Son las diez y media de una apacible mañana invernal; la hora convenida. Elías Meana, colega y vecino de Salvador Cuesta Pellicer (Murcia, 1918), ha sido quien ha concertado el encuentro. Anoche, me recordó por el teléfono que al anciano no le agrada madrugar.

Un nieto me hace pasar hasta una galería acristalada, situada al final del chalet. Encuentro a Salvador Cuesta en el único rincón soleado de la estancia, sentado en su silla de ruedas, con una manta a cuadros cubriéndole las piernas. Está mirando el jardín.

—Esta es la luz que he perseguido durante toda mi vida, la que siempre quise escribir. ¿No es un portento?

Desde las primeras palabras de la conversación, detecto el interés del anciano en recordar otros hechos distintos del episodio que me ha movido a venir. Por mi parte, pruebo a centrar la entrevista.

—¿Es cierto lo que me han contado —le pregunto a bocajarro—, que usted intentó matar a Franco?

En el mundillo literario de Murcia todos conocen a Salvador. Aunque, desde que dejó Madrid -y de eso hace ya veinte años- no ha vuelto a escribir. «Un día, decidí quebrar la punta al lápiz, y entregarme a la lectura y el recuerdo», así ilustra su retiro de la creación artística. Ahora vive en La Alcayna, una afable urbanización cercana a la capital, con la familia de su única hija, Marisa, profesora de Física y Química en un instituto de educación secundaria de la región.

El cabello blanco, un poco largo y desordenado, nos devuelve el eco del inconformista que siempre fue. En absoluto presenta el aspecto de un hombre de casi noventa años. Ha habido momentos durante la cita en los que el escritor ha perdido la mirada más allá del ventanal, guardando elocuentes silencios. He aprovechado esos instantes para explorar su rostro y apenas he descubierto arrugas. Debe tenerlas ocultas debajo de la piel, al igual que otros pasajes oscuros de su vida.

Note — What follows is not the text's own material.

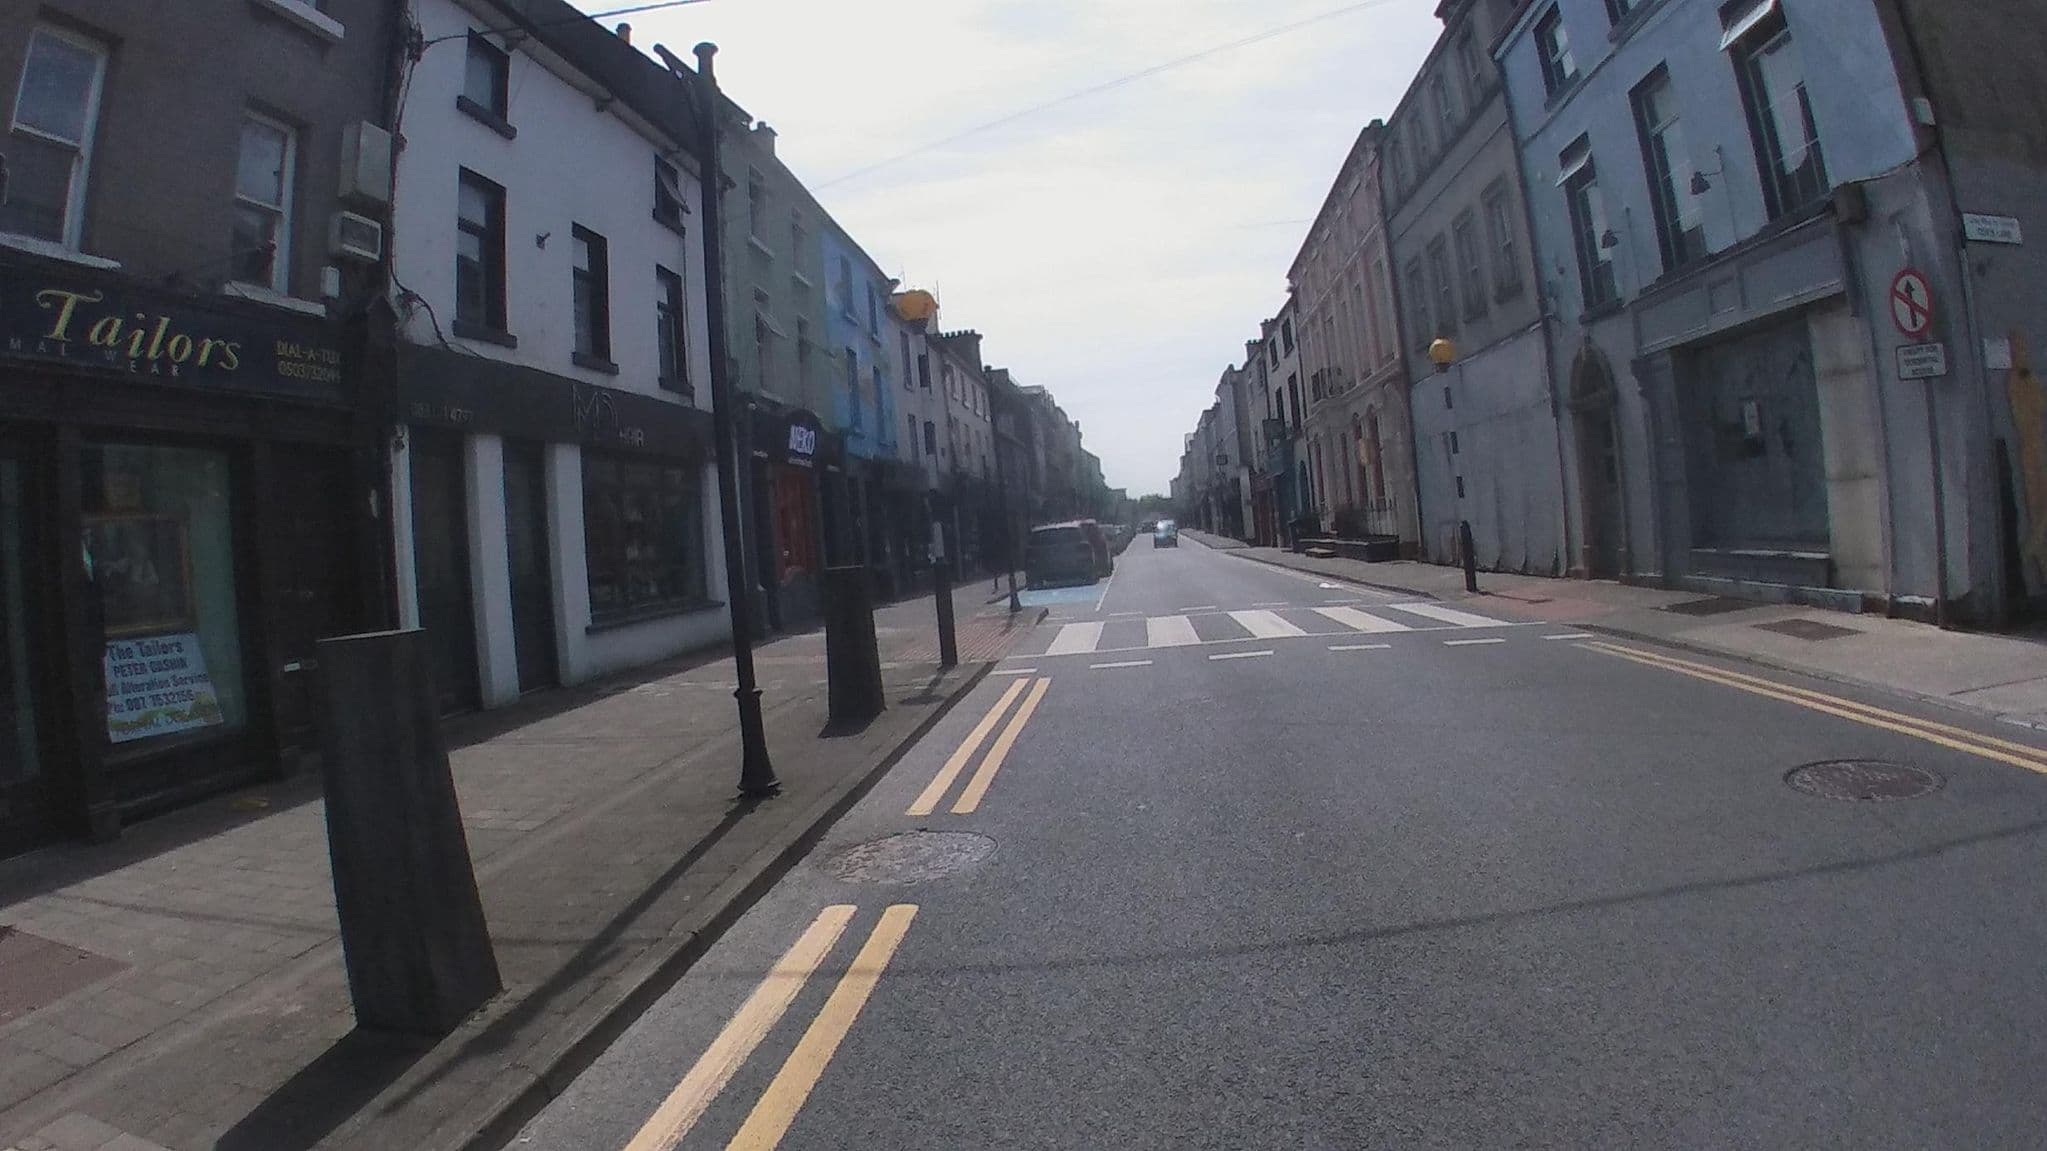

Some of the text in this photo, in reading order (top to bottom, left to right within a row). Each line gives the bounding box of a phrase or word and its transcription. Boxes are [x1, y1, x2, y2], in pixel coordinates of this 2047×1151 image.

Ganador del Gabriel Miró de relato y del Nuevas Letras de novela, tiene editados doce títulos, que abarcan todos los géneros literarios —también el de poesía—. Sin duda, su libro más celebrado fue Malaventura, con el que resultó finalista del Nadal. La novela, obra representativa de la vertiente social del falangismo, narra el éxodo murciano hacia Barcelona en la década de los 50, y la génesis del famoso barrio del Carmelo, donde, años después, Juan Marsé situaría a su personaje más universal, el Pijoaparte.

—Una noche, en una de las veladas del Premio Planeta, Marsé me confesó que fue durante la lectura de mi novela cuando pergeño Últimas tardes con Teresa. Y, la verdad, me llena de orgullo el haber servido de inspiración a una de las grandes obras de la literatura española del siglo XX.

—Usted siempre ha alardeado de ser ´camisa vieja´. ¿Cuándo entra usted en contacto con Falange?

—Era joven, muy joven. Estudiaba Filosofía y Letras en la Complutense. Mi afición por los libros me hacía acudir a muchos eventos literarios, donde entablé amistad con Sánchez Mazas y, sobre todo, con Giménez Caballero, que llegó a publicar unos versos míos en La Gaceta. [En este punto, Salvador Cuesta me pide un cigarro. Antes de encenderlo, mira con disimulo hacia un lado y otro de la sala. Después, cierra los ojos y le propina una profunda y placentera calada]. También durante esos años, y en los cafés de aquel convulso Madrid de preguerra, compartí mesa e interminables charlas con muchos de los escritores que después serían aglutinados bajo la etiqueta de Generación del 27. Yo, por edad y estética, no formé parte de aquel grupo. Una tarde, en Lardy, Sánchez Mazas me presentó a José Antonio Primo. Quedé fascinado. Me cautivó tanto la espiritualidad de ese hombre que aparté los vasos de whisqui y copas de coñac que atiborraban la mesa, y, allí mismo, en un hueco, firmé mi ingreso en Falange Española. [Al término de la entrevista, quiere mostrarme el carné con el número 62; «una auténtica pieza de museo»]. A partir de esa mágica tarde, mi vida da un vuelco y comienzan unos años de activa militancia política.

Escuchamos pasos que se dirigen a la galería. Con destreza, el escritor me pasa el cigarrillo. Nada más entrar, el nieto huele el humo del tabaco. «No debería fumar delante del abuelo. Está mal de los pulmones». Pido disculpas por el descuido y desbarato la colilla en un cenicero de cristal.

—¿Llama usted ´activa militancia política´ a los actos de pistolerismo que caracterizaron a su partido durante la República?

Está usted confundido. Falange no nació armada. Nos vimos obligados a colgarnos el correaje cuando varios camaradas fueron asesinados por matones de los sindicatos. Hubo un momento en que hasta se hacía mofa de nuestras siglas, F. E., que algunos traducían como Funeraria Española. Las provocaciones eran continuas. En una de aquellas reyertas, ocurrida en un parque junto al Manzanares, me vi involucrado en un tiroteo donde murió una muchacha, una joven costurera que militaba en las Juventudes Socialistas. Esa misma noche, para evitar problemas, metí todo en la maleta y regresé a Murcia. A los pocos días, Franco se levantó en África. Y aquí, en zona roja, pasé los tres años que duró la Guerra; escribiendo y leyendo bajo la higuera que había en el huerto de nuestra casa; sin nada a qué temer, sin nadie que conociese mi filiación política.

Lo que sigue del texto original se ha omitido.